By 1977, A’s players were calling for the league to assume operation of the franchise as attendance dropped below 500,000 for the season. Their home, Oakland Stadium, was often called the Mausoleum for being so empty so often during games. In spite of the plunging attendance, Finley continued making money by selling off the players who did not leave via free agency (Rudi, Campaneris, Fingers, Don Baylor, and Gene Tenace were among the players who opted for free agency).
Oakland city officials refused to release Finley from his lease obligation to the stadium so he could relocate the team. At one point, San Francisco Giants owner Bob Lurie agreed to contribute cash and some home games at the Coliseum if it meant getting rid of the A’s, but the team remained in Oakland (and remains there to this day). Finally, in ill health and unable to continue the endless fight, Finley sold the team to the Haas family—owners of Levi-Strauss—on August 23, 1980. Finley’s tenure as an owner finally and thankfully ended twenty years after it began.
Finley lost most of his fortune due to bad business deals, and died largely broke of heart and vascular disease on February 19, 1996, three days before his 78th birthday. Hardly anyone lamented his death, and even less missed him.
However, Finley left his mark on baseball and on pop culture.
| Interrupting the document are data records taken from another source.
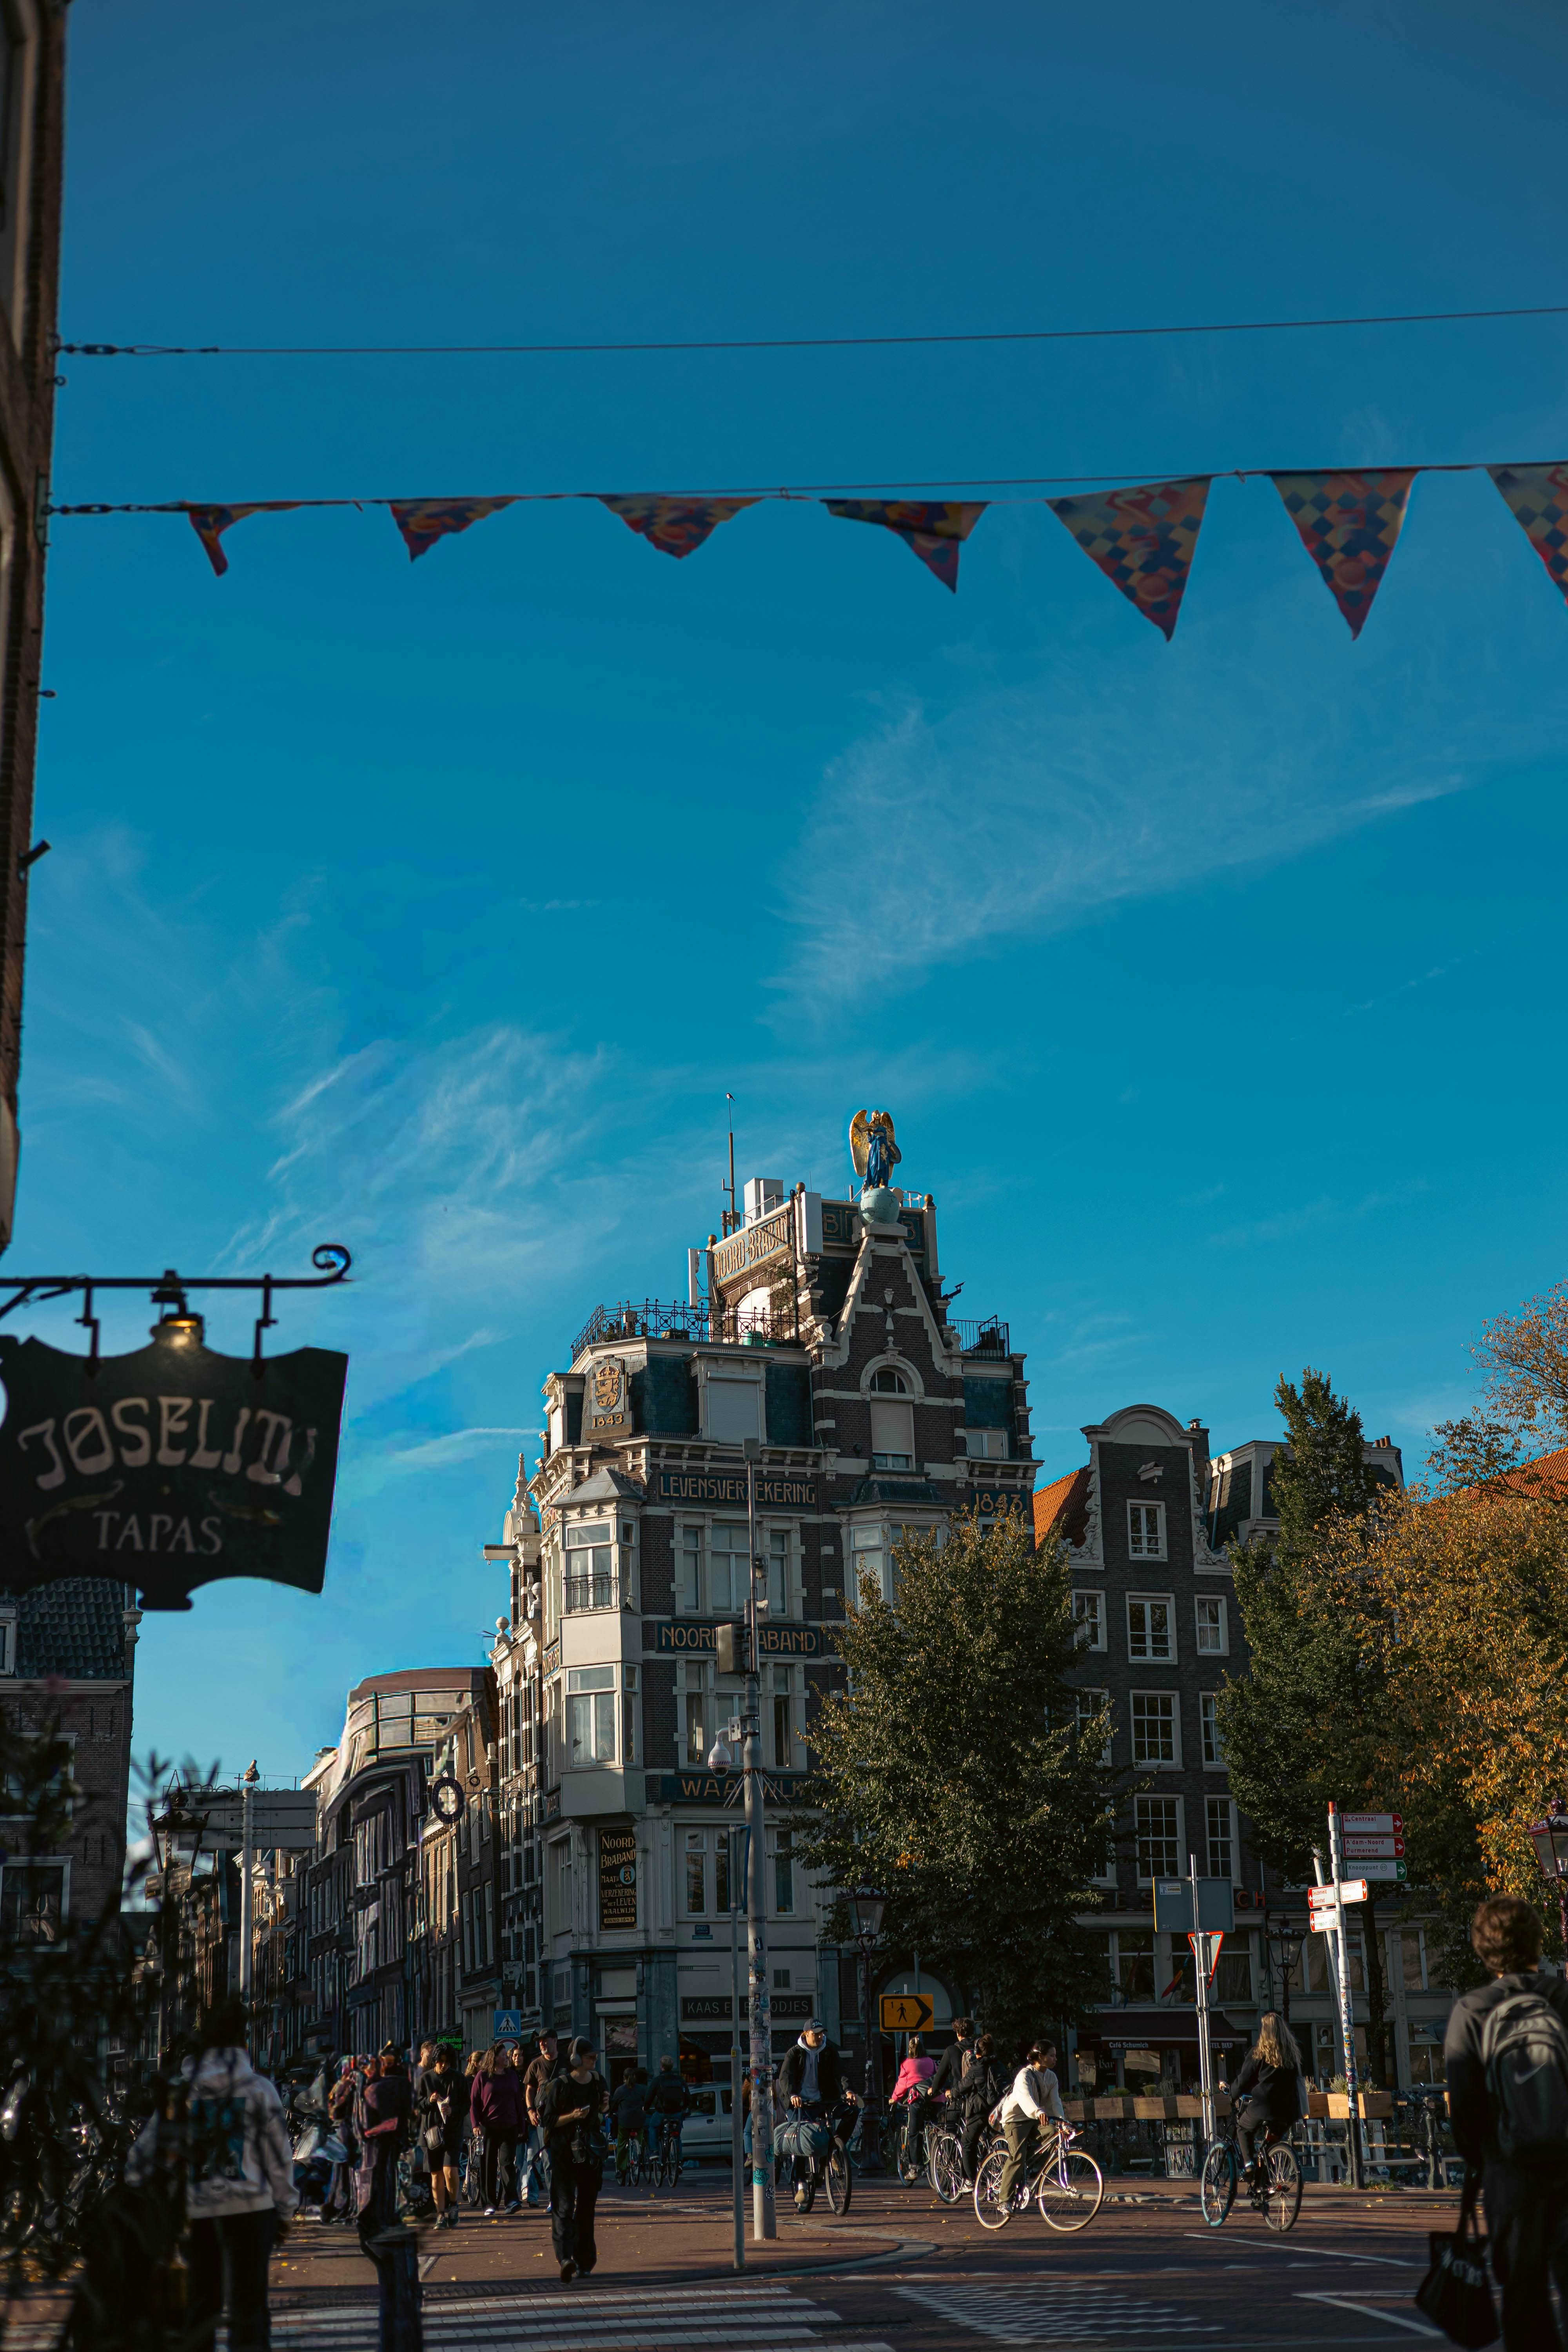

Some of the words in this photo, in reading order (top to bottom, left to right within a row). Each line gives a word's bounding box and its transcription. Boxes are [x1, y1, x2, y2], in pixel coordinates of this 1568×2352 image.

[593, 1414, 622, 1427] 1843
[976, 1493, 1023, 1514] 1843
[92, 1511, 223, 1555] TAPAS
[602, 1836, 636, 1849] NOORD-
[601, 1850, 636, 1869] BRABAND
[601, 1888, 636, 1898] VERZEKERING
[616, 1897, 636, 1906] LEVEN
[688, 2002, 720, 2014] KAAS
[725, 2002, 731, 2013] E
His stunts forever changed the face of baseball, as his mistreatment of his best players led to the free agency and inflated salaries that mark the game today. “His two-decade tenure as owner of the Kansas City and Oakland Athletics was one of the most erratic administrations in baseball history,” wrote one observer. “By the time he stepped aside, it was difficult to say whether he was disliked more by his players, other owners, the baseball commissioner, the fans of two cities or U.S. Congressmen.”
And for all of that, we hereby induct Charles O. Finley in the Owner’s Wing of the You Stink! Hall of Shame.